Editorial: Climate and health education: defining the needs of society in a changing climate

Editorial on the Research Topic
Climate and health education: defining the needs of society in a changing climate

The effects of climate change due to the burning of fossil fuels are apparent and present increasingly complex challenges to human health (1). Climate change poses direct health risks, including extreme weather events, and indirect risks, such as long-term ecological changes leading to changes in air quality or vector habitats that alter patterns of infectious disease (2–9). The changing climate also poses diffuse and deferred risks because of long-term societal changes, civil conflict, and disrupted livelihoods leading to mental or physical health effects and refugee displacement (10, 11). Healthcare delivery is jeopardized either through barriers to community access or hospital operations via supply chain issues and extreme weather events (12–14).
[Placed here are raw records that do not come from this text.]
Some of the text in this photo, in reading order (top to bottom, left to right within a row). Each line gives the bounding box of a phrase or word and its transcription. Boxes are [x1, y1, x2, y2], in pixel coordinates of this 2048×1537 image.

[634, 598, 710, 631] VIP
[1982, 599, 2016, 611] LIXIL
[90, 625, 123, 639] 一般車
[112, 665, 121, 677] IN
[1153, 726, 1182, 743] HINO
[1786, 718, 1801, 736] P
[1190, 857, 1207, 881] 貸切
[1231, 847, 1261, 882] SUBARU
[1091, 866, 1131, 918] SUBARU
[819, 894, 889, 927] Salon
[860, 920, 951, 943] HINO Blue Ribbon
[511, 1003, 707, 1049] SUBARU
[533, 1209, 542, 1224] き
These impacts intertwine structural racism and environmental injustice that result in poor communities, communities of color, and communities in the global south being impacted disproportionately. With many complex, intersectional, and transdisciplinary challenges, there is an urgent need to train health professionals across disciplines, yet most health professionals have not been trained and climate and health curricula are nascent in programs around the world (15).

We need to build health professional workforce capacity to understand the risks of climate change, what they as providers can do to help patients mitigate and adapt, and how to be changemakers in health systems. Climate-smart health professionals need a nuanced understanding of the intersectionality of inequity, structural racism, and other social determinants of health. Further, these needs do not exist in a vacuum; building capacity to train climate-smart professionals is also an opportunity to provide clinical, policy, education, and advocacy career paths to help address the innumerable intersectional challenges adversely affecting patients around the globe.
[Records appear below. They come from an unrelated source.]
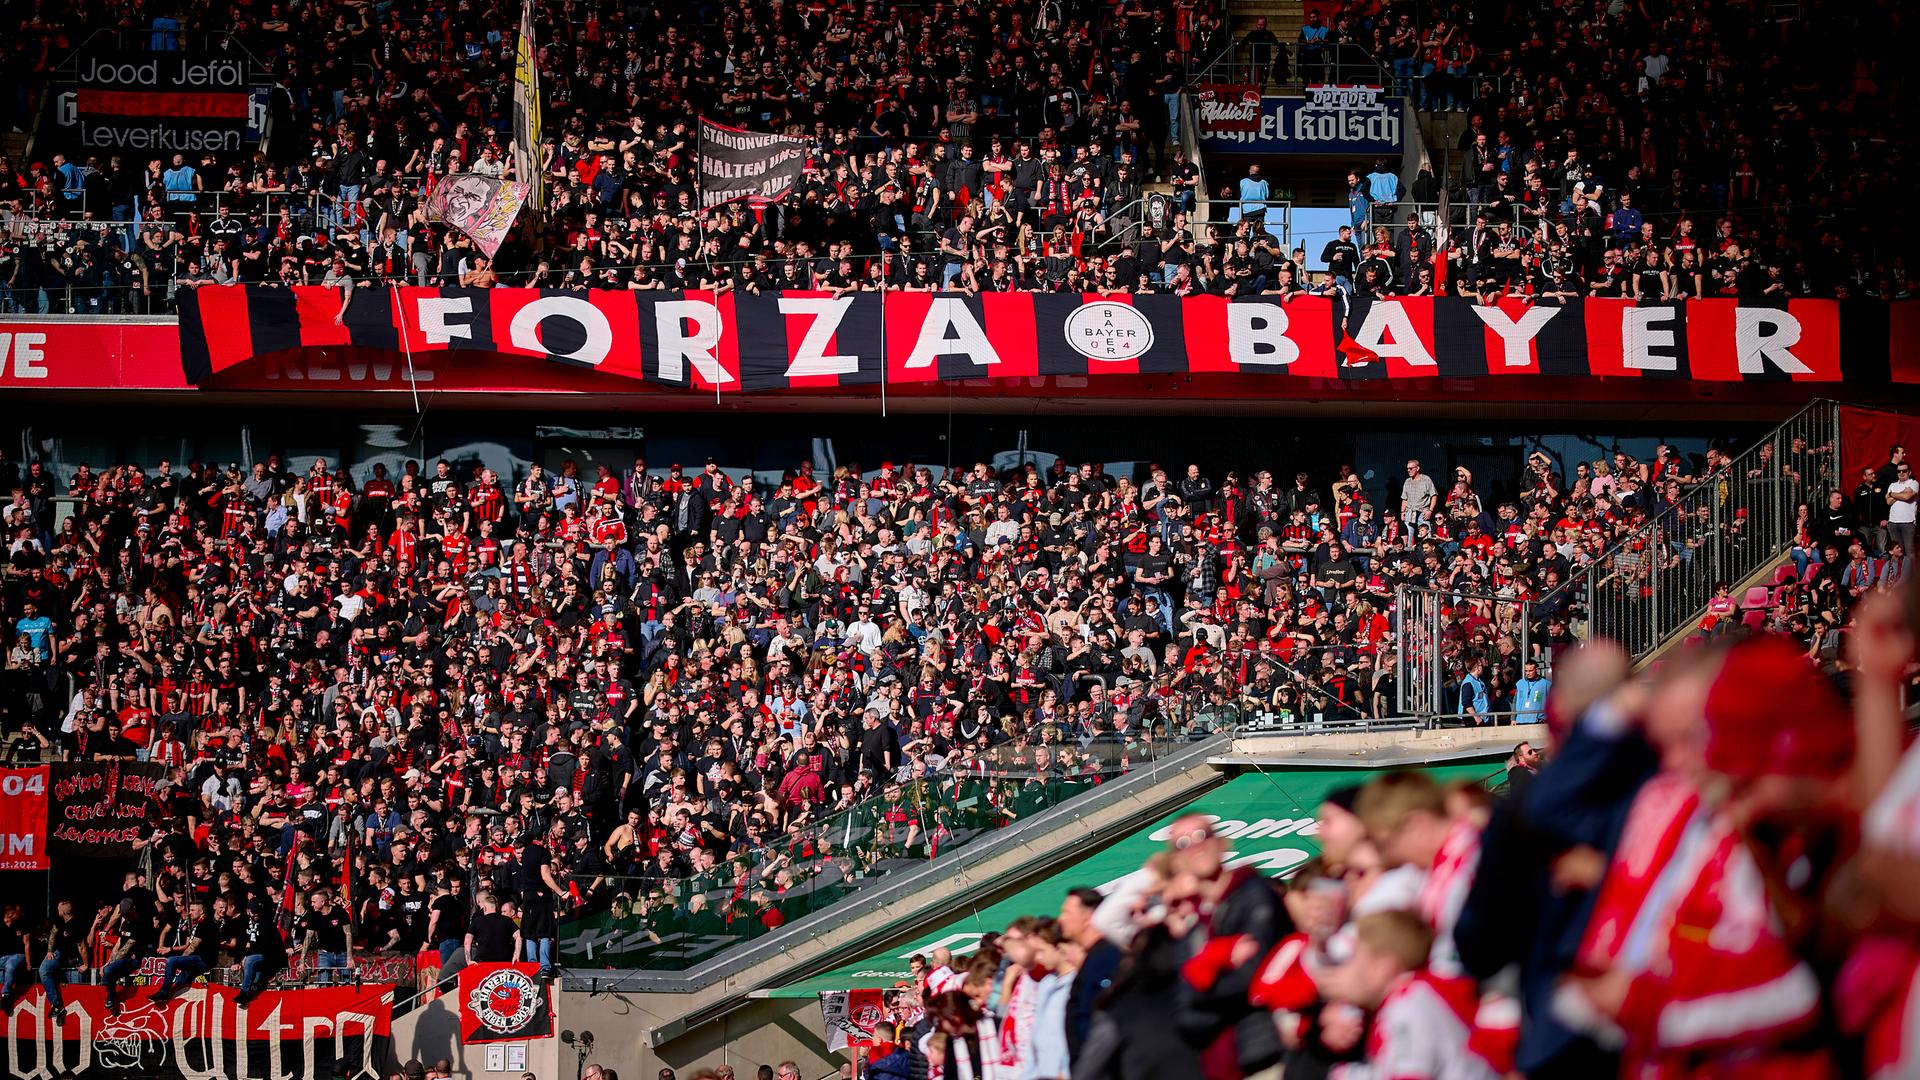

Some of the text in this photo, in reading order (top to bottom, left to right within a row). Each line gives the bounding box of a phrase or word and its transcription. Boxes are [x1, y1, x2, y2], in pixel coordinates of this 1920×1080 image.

[81, 57, 243, 85] Jood Jeföl
[1313, 91, 1377, 105] OPLADEN
[1201, 100, 1260, 124] Addicts
[81, 120, 241, 151] Leverkusen
[702, 148, 801, 178] HALTEN UNS
[760, 175, 793, 197] AUF
[417, 295, 1815, 383] FORZA BAYER
[1085, 328, 1137, 337] BAYER
[1103, 309, 1116, 355] BAYER
[2, 774, 45, 796] 04
[480, 974, 533, 1001] HABERLANDS
[511, 1005, 530, 1025] 2003
The recent series from Frontiers in Public Health, “Climate and health education: fefining the needs of society in a changing climate” provided an opportunity for many educators around the world to showcase their critical work addressing these challenges. The work described in this series sets the context for the current direction of climate change and health education and begins to point the path forward on areas for future work. Some manuscripts described the rapidly evolving state of climate and health education. Houghton reviewed 99 courses at 3 different United States universities covering issues related to climate change, health, and equity in the built environment. Though they found more courses covering these topics than prior analyses, too often the content was isolated. There is a need to explicitly connect population health, the built environment, and climate change with transdisciplinary content as the built environment plays a leading role in creating the context that drives disparities in population health and is a substrate for exacerbating inequity in the climate crisis. Arora et al. found that half of public health schools in the United States offered at least one climate change related course and half of climate change courses specifically covered health impacts. Simon et al. performed a qualitative analysis of medical school stakeholders in Germany, highlighting a high prevalence of positively reviewed climate curricula, but unmet needs in transdisciplinary education, incorporation of ethics, and practical skill training, such as patient communication and physical diagnosis.
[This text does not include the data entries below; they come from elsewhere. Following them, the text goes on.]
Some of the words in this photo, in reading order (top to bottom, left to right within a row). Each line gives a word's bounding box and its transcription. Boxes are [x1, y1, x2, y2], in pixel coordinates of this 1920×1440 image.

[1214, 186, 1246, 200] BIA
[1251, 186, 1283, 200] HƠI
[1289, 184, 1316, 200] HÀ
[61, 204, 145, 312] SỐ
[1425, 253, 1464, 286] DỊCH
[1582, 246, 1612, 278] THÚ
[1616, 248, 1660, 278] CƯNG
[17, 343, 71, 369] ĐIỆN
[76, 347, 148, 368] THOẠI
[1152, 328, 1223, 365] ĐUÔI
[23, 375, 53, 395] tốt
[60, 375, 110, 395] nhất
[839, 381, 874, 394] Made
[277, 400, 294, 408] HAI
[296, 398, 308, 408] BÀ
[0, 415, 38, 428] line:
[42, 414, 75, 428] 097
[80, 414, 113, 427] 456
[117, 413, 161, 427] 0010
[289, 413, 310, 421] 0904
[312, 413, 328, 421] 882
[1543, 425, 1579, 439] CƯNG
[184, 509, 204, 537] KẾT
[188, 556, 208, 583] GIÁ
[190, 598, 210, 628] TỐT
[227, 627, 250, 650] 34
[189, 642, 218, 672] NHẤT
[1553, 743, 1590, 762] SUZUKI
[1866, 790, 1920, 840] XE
Other manuscripts detailed initiatives that centered on student-faculty co-creation of content related to climate and health. Navarrete-Welton et al. demonstrated the power of a student driven, bottom-up approach to build an integrated, broad-reaching curriculum at a United States medical school that not only covers health effects related to climate, but also built capacity to train students to be changemakers with a dedicated course on waste management in healthcare. Liu et al. performed a qualitative analysis of medical students completing climate and health curricula, uncovering a desire for more small group learning, clinical skills integration, and community-based opportunities. Along with the student perspectives described by Simon et al., it is clear that while students positively perceive climate and planetary health initiatives, there is a need to connect these topics to additional societal issues taught in schools.

Lastly, several works described projects at the intersection of leadership, accountability, and communication that point to how healthcare and public health professionals might help mitigate, adapt, and respond to the climate crisis. Dambre et al. performed a qualitative analysis of focus groups of undergraduates in a Global Responsibility and Leadership program at a Netherlands University that participated in a planetary health course. Their course received high marks for transdisciplinary integration of climate, health, and communication, but the major unmet need was transcultural content. Schmeltz and Ganesh highlighted student-led collaborations with local organizations, demonstrating how undergraduate students can be part of capacity building initiatives. Lastly, Campbell et al. reviewed current research on climate and health communication strategies and highlighted evidence for health-based messaging to increase engagement and political will for climate solutions, in addition to evidence for naming the role of fossil fuels when discussing climate change.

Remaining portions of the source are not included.